_Brief_
Below is a listing; retype exactly the line with "this 1200×1600 image." and every line after it through the end, and only those, leaving out the pictures.
######
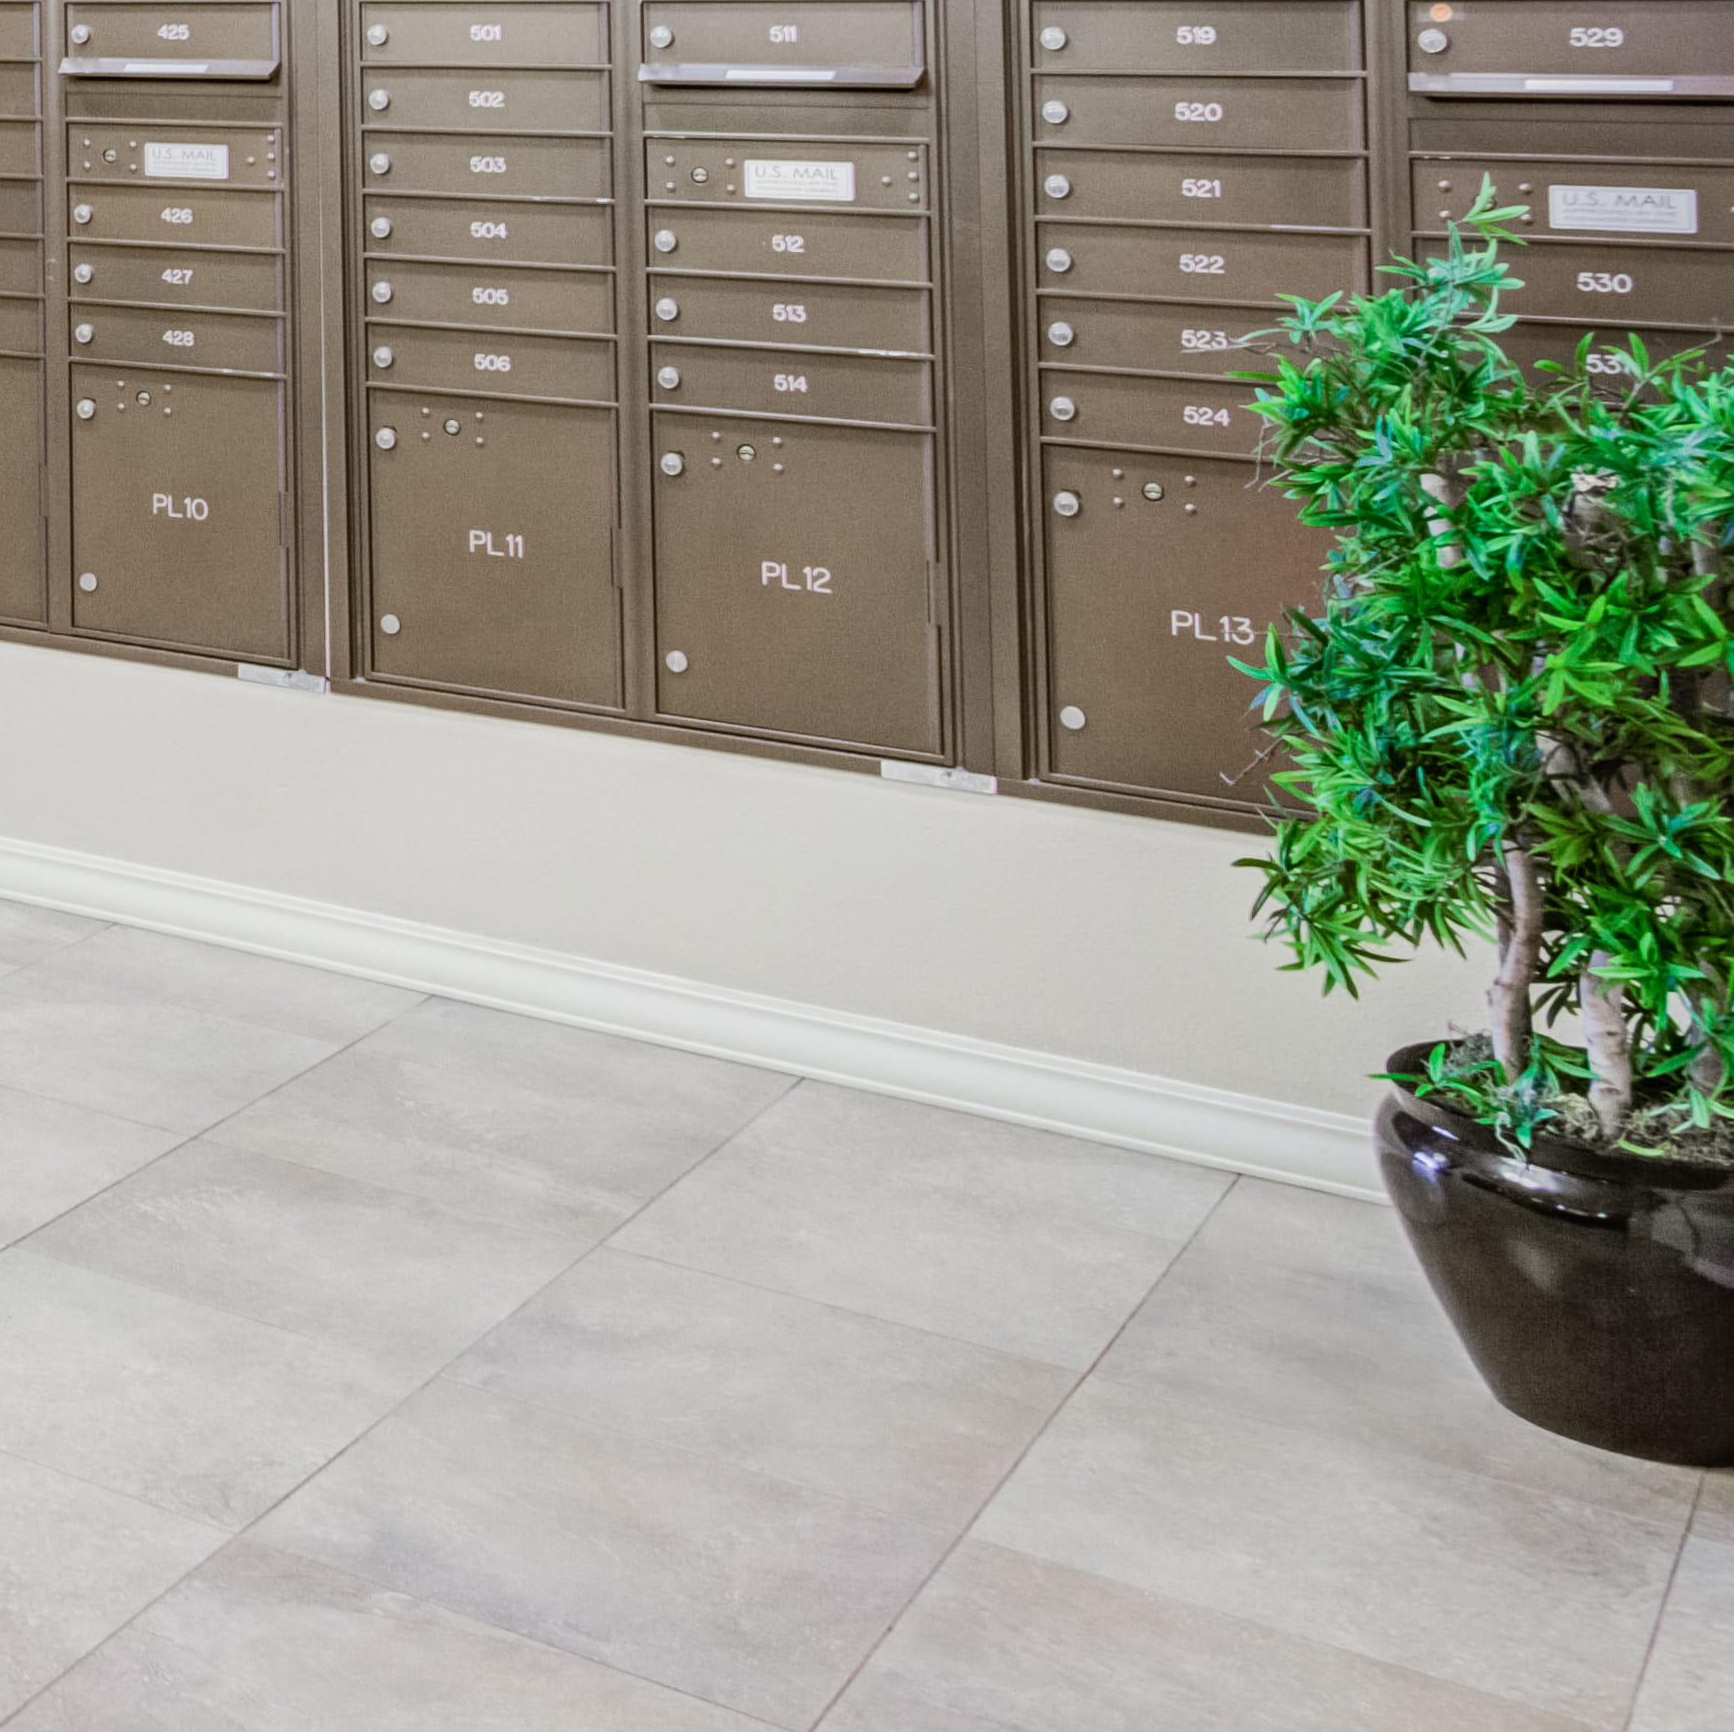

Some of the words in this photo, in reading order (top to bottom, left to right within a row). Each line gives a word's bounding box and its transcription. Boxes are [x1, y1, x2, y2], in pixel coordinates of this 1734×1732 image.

[156, 23, 190, 41] 425
[469, 24, 502, 41] 501
[769, 25, 797, 43] 511
[1176, 25, 1217, 45] 519
[1569, 27, 1624, 48] 529
[468, 90, 505, 108] 502
[1174, 101, 1223, 122] 520
[181, 149, 216, 161] MAIL
[469, 155, 507, 174] 503
[793, 167, 838, 180] MAIL
[1181, 178, 1221, 198] 521
[1614, 194, 1677, 210] MAIL
[160, 207, 193, 224] 426
[470, 221, 508, 239] 504
[771, 234, 805, 253] 512
[1179, 253, 1225, 274] 522
[161, 268, 194, 285] 427
[1576, 271, 1633, 294] 530
[472, 287, 510, 306] 505
[772, 303, 807, 323] 513
[162, 329, 195, 347] 428
[1181, 329, 1228, 349] 523
[474, 353, 511, 372] 506
[1585, 353, 1632, 375] 53
[773, 373, 808, 393] 514
[1183, 405, 1231, 427] 524
[152, 492, 209, 521] PL10
[469, 529, 524, 559] PL11
[761, 560, 833, 594] PL12
[1171, 610, 1254, 645] PL13
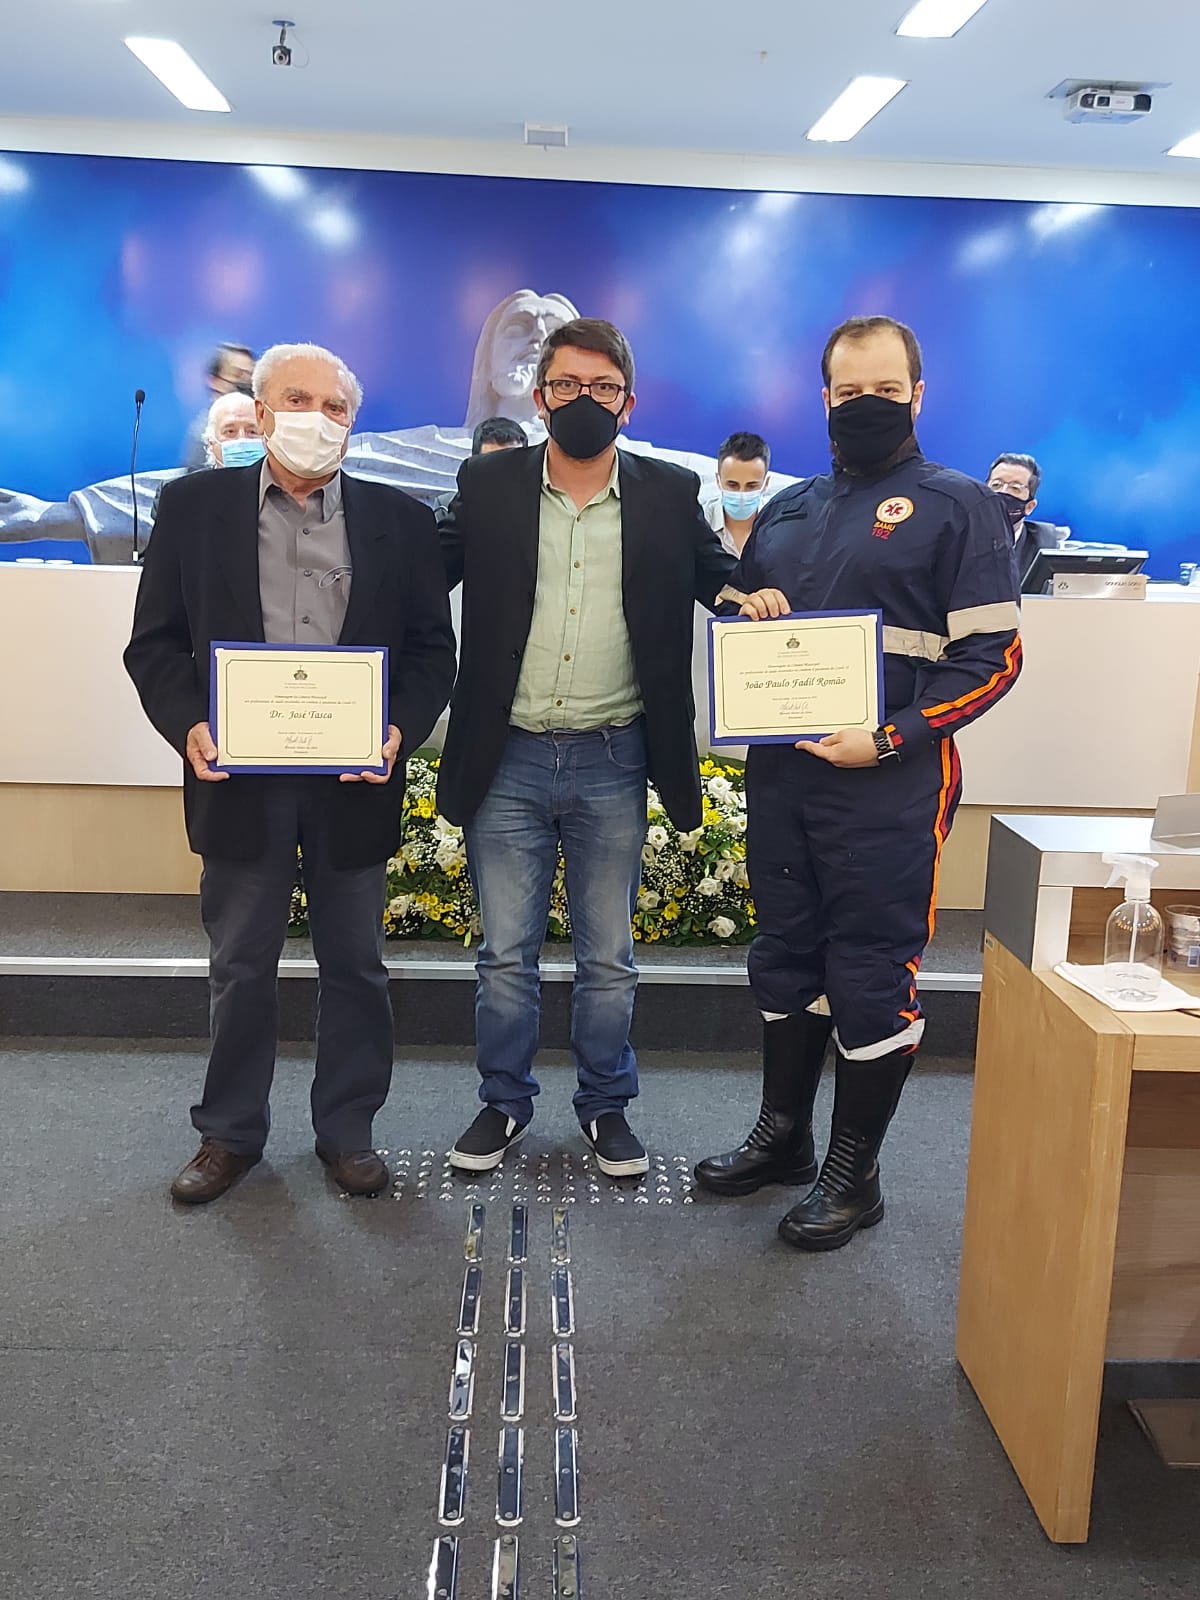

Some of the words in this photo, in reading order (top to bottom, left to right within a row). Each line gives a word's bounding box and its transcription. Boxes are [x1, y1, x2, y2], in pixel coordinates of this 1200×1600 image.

[871, 527, 891, 540] 192
[743, 680, 764, 691] João
[765, 678, 790, 688] Paulo
[816, 676, 846, 687] Romão
[269, 710, 285, 718] Dr.
[288, 709, 307, 719] José
[308, 710, 333, 719] Tasca
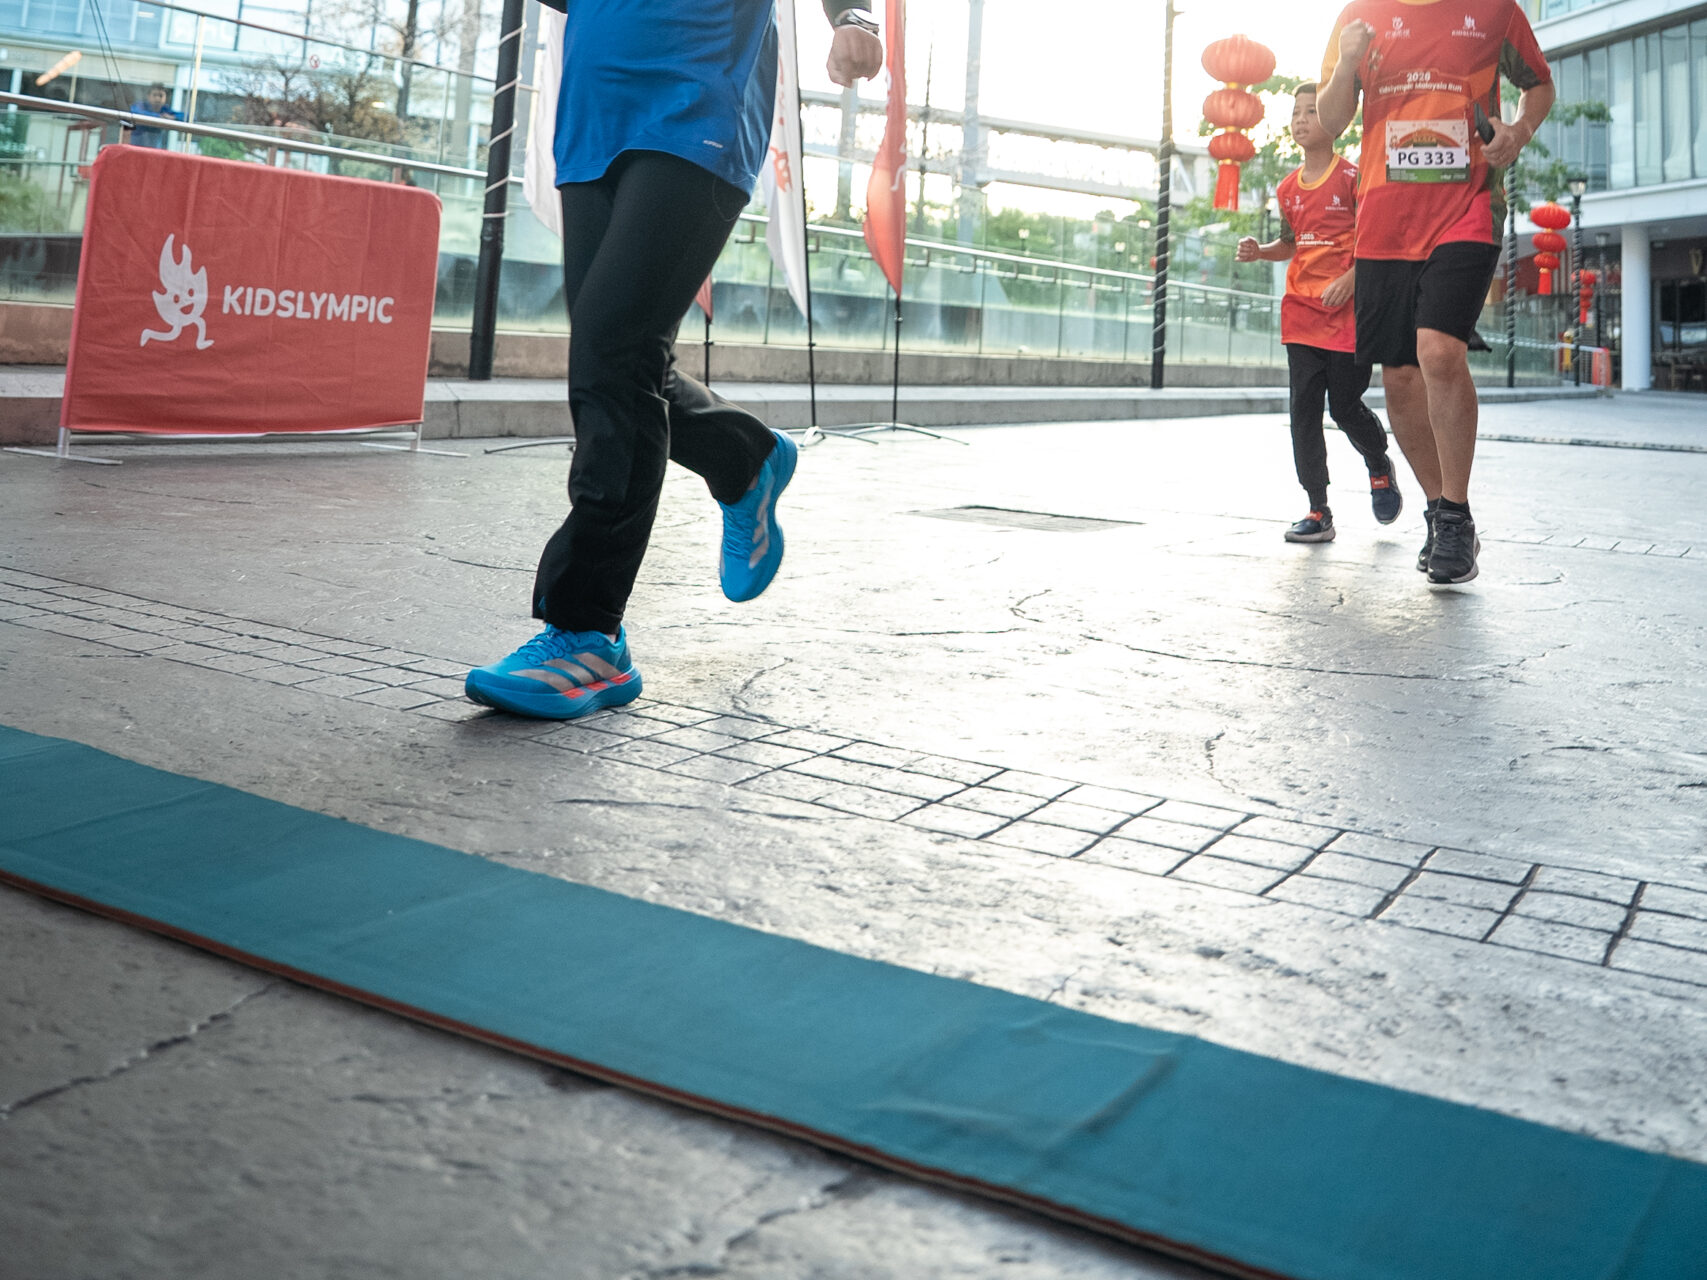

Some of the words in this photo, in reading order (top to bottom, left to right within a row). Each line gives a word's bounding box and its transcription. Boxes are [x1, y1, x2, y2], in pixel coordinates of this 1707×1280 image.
######
_Expected answer_
Some of the words in this photo, in reading order (top to bottom, left to right within a row). Each line gives a word's bounding box and its transcription. Boxes are [x1, y1, x2, y2], in pixel coordinates of this 1200×1600 image.

[871, 527, 891, 540] 192
[743, 680, 764, 691] João
[765, 678, 790, 688] Paulo
[816, 676, 846, 687] Romão
[269, 710, 285, 718] Dr.
[288, 709, 307, 719] José
[308, 710, 333, 719] Tasca

Some of the words in this photo, in reading order (top to bottom, left to right within a row). Each line gives a word's bounding box and its transcription. Boxes are [x1, y1, x2, y2], in pixel coordinates of this 1707×1280 image.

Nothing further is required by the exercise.